**Work required:**
Will you output all of the data below exactly, omitting the images?

(Image-backed grounding data)
----

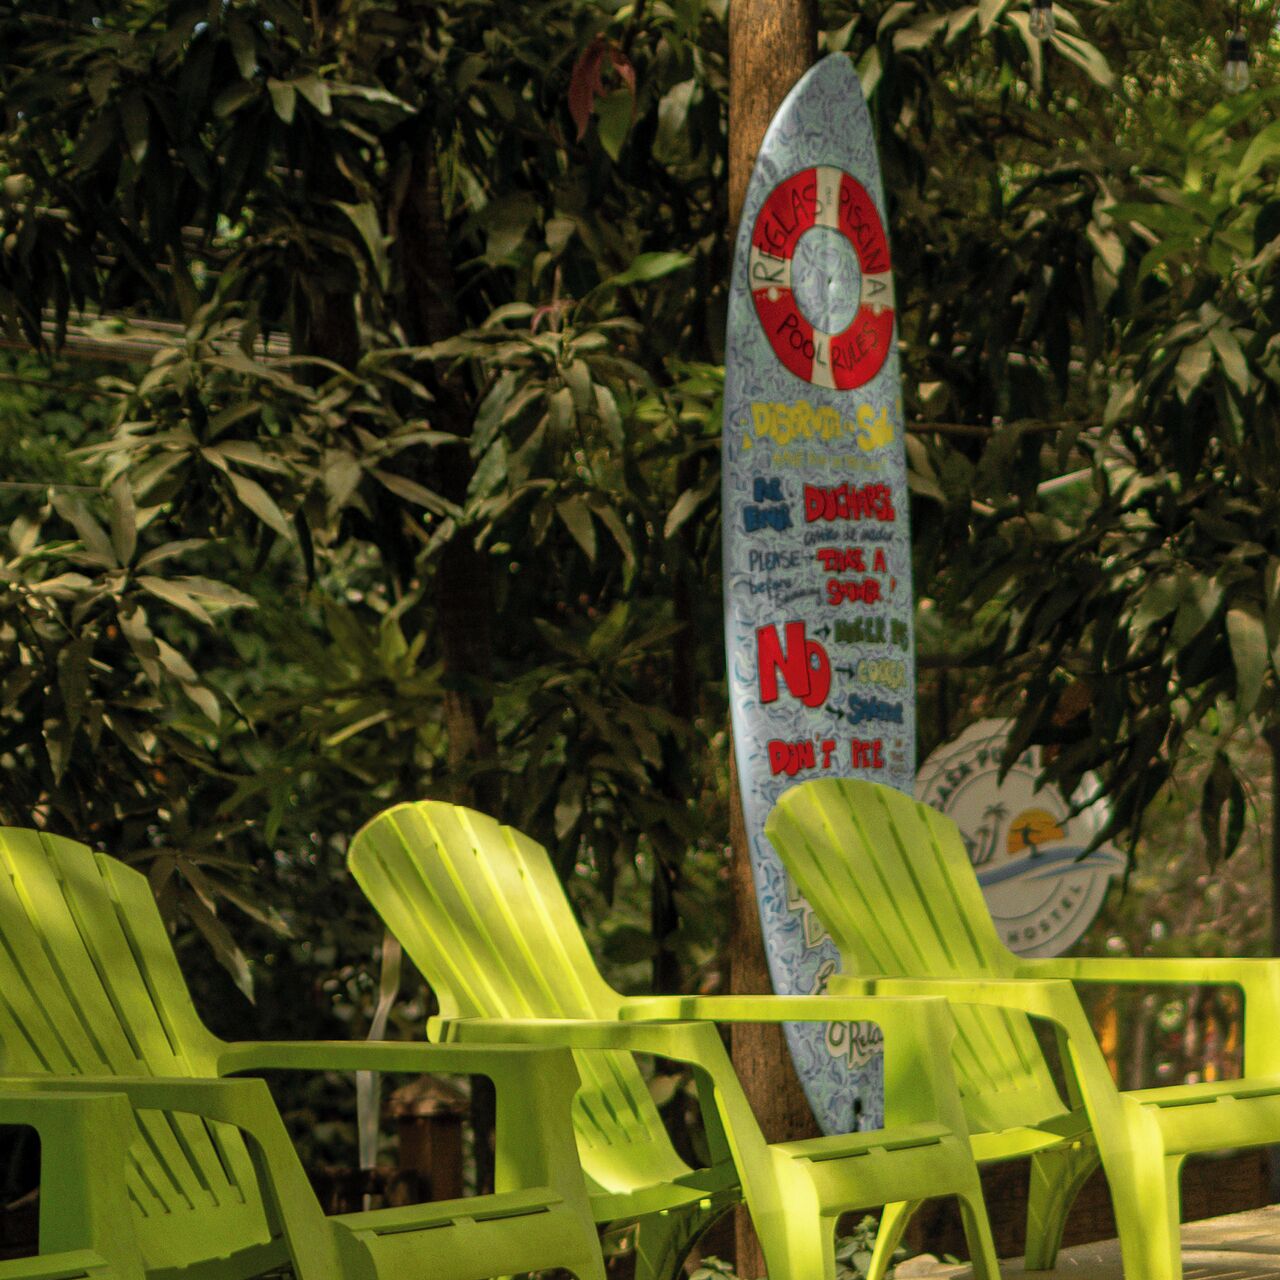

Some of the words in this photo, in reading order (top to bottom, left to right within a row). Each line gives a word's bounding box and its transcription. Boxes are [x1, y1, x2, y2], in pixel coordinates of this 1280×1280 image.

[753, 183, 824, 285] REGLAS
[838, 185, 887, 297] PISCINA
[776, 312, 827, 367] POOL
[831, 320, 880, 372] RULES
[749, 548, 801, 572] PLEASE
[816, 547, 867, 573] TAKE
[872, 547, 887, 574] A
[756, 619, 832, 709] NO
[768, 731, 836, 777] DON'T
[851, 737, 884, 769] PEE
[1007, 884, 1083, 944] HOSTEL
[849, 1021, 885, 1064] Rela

----

**Finished task:**
Some of the words in this photo, in reading order (top to bottom, left to right within a row). Each line gives a word's bounding box and its transcription. Boxes are [x1, y1, x2, y2], in pixel coordinates of this 1280×1280 image.

[753, 183, 824, 285] REGLAS
[838, 185, 887, 297] PISCINA
[776, 312, 827, 367] POOL
[831, 320, 880, 372] RULES
[749, 548, 801, 572] PLEASE
[816, 547, 867, 573] TAKE
[872, 547, 887, 574] A
[756, 619, 832, 709] NO
[768, 731, 836, 777] DON'T
[851, 737, 884, 769] PEE
[1007, 884, 1083, 944] HOSTEL
[849, 1021, 885, 1064] Rela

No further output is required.